Would you mind restating all of the records word for word, skipping the pictures?

Top of Raw data

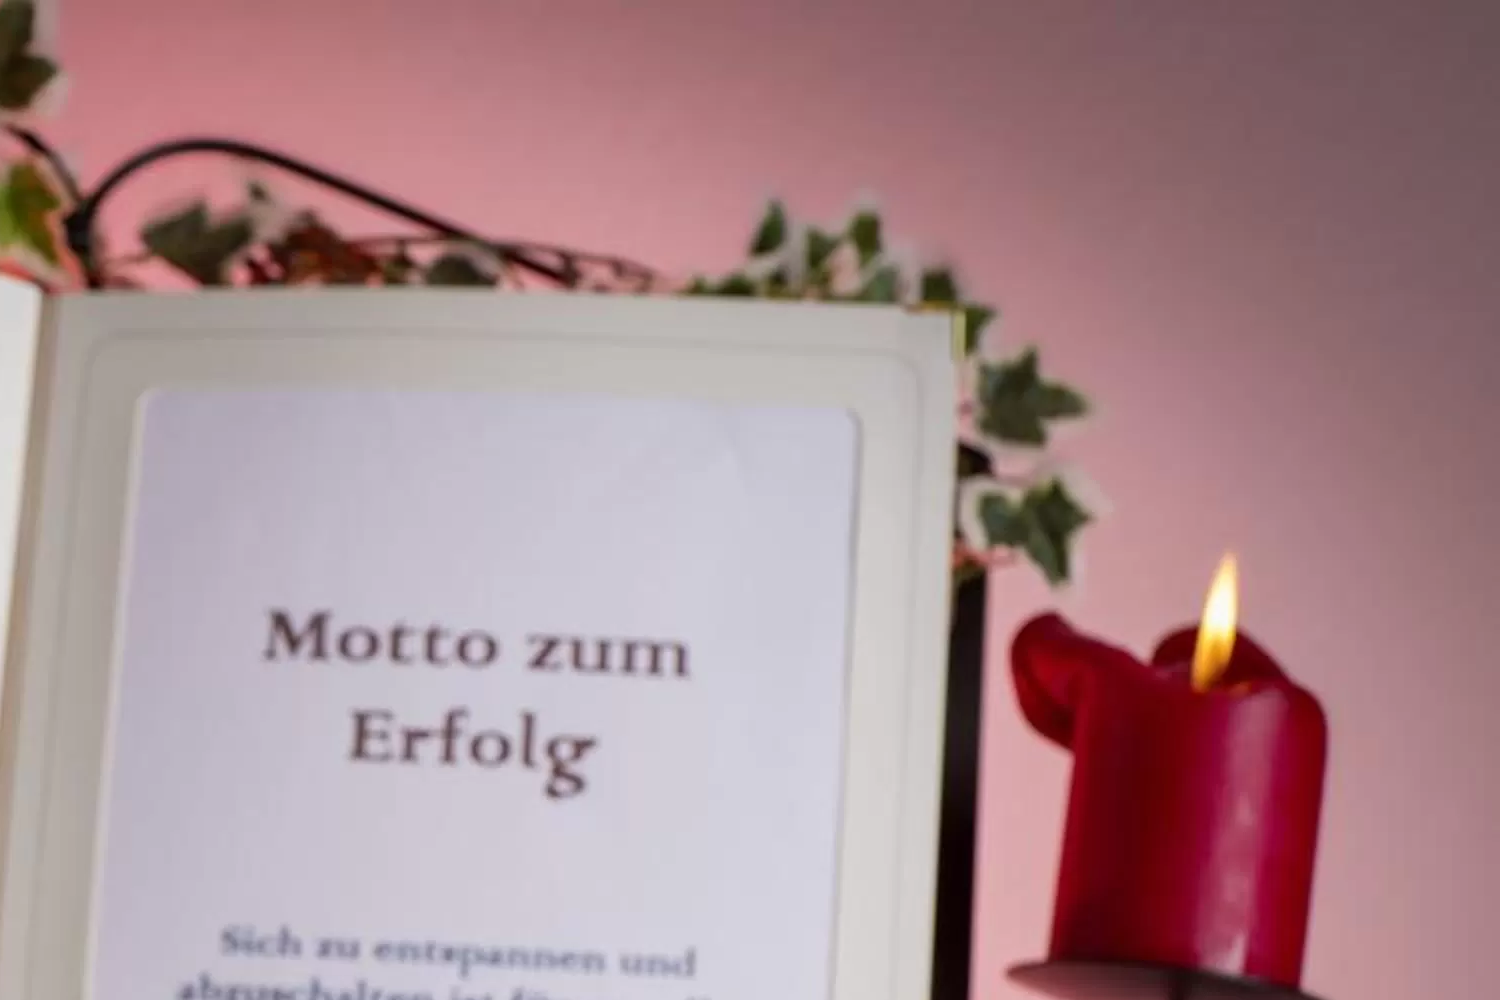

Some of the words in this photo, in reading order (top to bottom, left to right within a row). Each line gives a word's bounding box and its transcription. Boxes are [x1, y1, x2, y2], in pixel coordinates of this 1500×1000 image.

[263, 608, 497, 668] Motto
[525, 632, 692, 679] zum
[349, 707, 597, 800] Erfolg
[220, 925, 303, 958] Sich
[317, 938, 360, 960] zu
[374, 939, 606, 979] entspannen
[620, 947, 697, 977] und

Bottom of Raw data

* _Result for this exercise_:
Some of the words in this photo, in reading order (top to bottom, left to right within a row). Each line gives a word's bounding box and its transcription. Boxes are [x1, y1, x2, y2], in pixel coordinates of this 1500×1000 image.

[263, 608, 497, 668] Motto
[525, 632, 692, 679] zum
[349, 707, 597, 800] Erfolg
[220, 925, 303, 958] Sich
[317, 938, 360, 960] zu
[374, 939, 606, 979] entspannen
[620, 947, 697, 977] und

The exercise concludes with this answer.